On comprend facilement qu'une telle thèse allait rencontrer beaucoup d'approbations devant les toutes nouvelles perspectives de rencontres entre chrétiens catholiques et protestants qu'elle semblait ouvrir. Pour moi, précise Benoît XVI, il est indéniable que cela représente effectivement un progrès concret. Cependant, dès qu'on l'analyse de plus près - tant au regard de son fondement historique que dans ce qu'elle implique concrètement - on est amené à se poser toute une série de questions qui font qu'il est impossible d'en rester à cette thèse. Sur l'aspect historique du problème, on tentera quelques remarques dans la deuxième partie. Considérons ici d'ores et déjà la problématique concrète; cet examen nous amène à poser une première question : qu'entend-on exactement par « suffisance de l'Écriture » ? Même Geiselmann, en tant que théologien catholique, ne parvient à classer aucun des dogmes catholiques reconnus comme tels. Pas un seul d'entre eux ne s'est élaboré sola scriptura, ni les grands dogmes fondateurs du christianisme datant du consensus quinque saecularis de jadis, ni, et encore moins, les plus récents des années 1854 et 1950. Quel sens peut donc avoir encore l'affirmation de la suffisance de l'Écriture ? Ne risque-t-elle pas de devenir une dangereuse illusion, par laquelle nous nous trompons d'abord nous-mêmes, et par laquelle ensuite nous trompons les autres (ou plutôt, nous ne les trompons pas, justement !) ? Pour maintenir d'une part que l'Écriture contient toute la Vérité révélée, et que d'autre part le dogme de 1950 est aussi une vérité révélée, il faut, pour le moins, recourir à une notion de suffisance qui serait pensée dans un sens si vaste que le mot « suffisance » y perdrait toute signification sérieuse.
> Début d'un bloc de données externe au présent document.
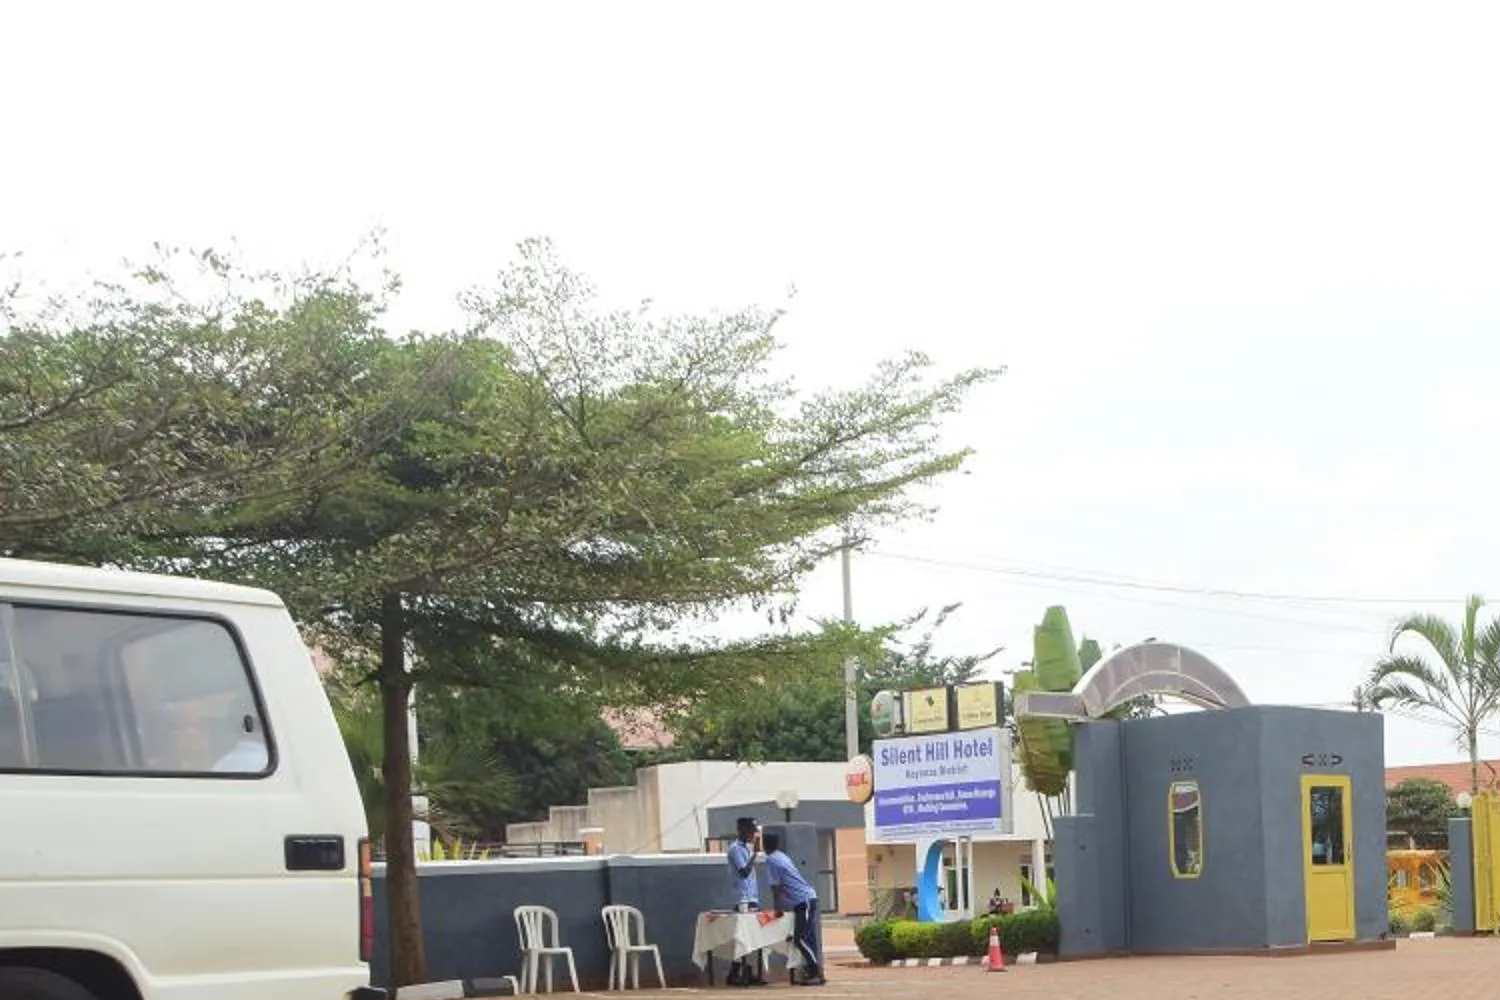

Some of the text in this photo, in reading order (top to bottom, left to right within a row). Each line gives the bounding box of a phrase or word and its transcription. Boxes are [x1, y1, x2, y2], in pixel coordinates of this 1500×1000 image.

[881, 738, 992, 766] Silent Hill Hotel
Nous en arrivons maintenant à la deuxième question, en réalité la plus importante: s'interroge-t-on vraiment sur la notion de Tradition quand on tente de clarifier l'idée de suffisance de l'Écriture, ou bien ne s'arrête-t-on pas ici aux apparences d'un fait dont les racines sont bien plus profondes ? Le propos d'introduction dont nous sommes partis devrait nous amener à répondre par un oui sans équivoque. La question de la suffisance de l'Écriture n'est qu'un problème secondaire, s'inscrivant dans le cadre d'un débat beaucoup plus fondamental à régler, déjà évoqué par les notions d'abusus et d'auctoritas, à savoir la question du rapport entre autorité de l'Église et autorité de l'Écriture Sainte, tout le reste découlant de la juste compréhension de ce lien. Pour aller de l'avant, il sera donc nécessaire de creuser le fond des choses, non pas en s'attardant sur des considérations superficielles comme celles de la suffisance ou de l'insuffisance de l'Écriture, mais en présentant, dans toute son ampleur, la façon dont la Parole révélée de Dieu est présente chez les croyants. Il s'avère alors qu'il faut remonter au-delà des sources positives que sont l'Écriture et la Tradition, jusqu'au cœur de leur source : la Révélation, la Parole vivante de Dieu d'où la Tradition et l'Écriture sont issues, et sans laquelle les deux ne peuvent se comprendre dans leur signification pour la Foi. Le problème « Écriture et Tradition » reste insoluble tant qu'on ne l'élargit pas à la question de « Révélation et Tradition », et qu'on ne le replace pas ainsi là où il doit être, dans un contexte plus étendu. Je voudrais dans ce qui suit, sans chercher à entrer dans les détails de possibles divergences, développer positivement le concept de Tradition en commençant par le cœur de son ancrage. Peut-être pourra-t-on ainsi trouver une partie de réponse à la question de la Réforme et contribuer à un débat dont la nécessité est de plus en plus reconnue de part et d'autre.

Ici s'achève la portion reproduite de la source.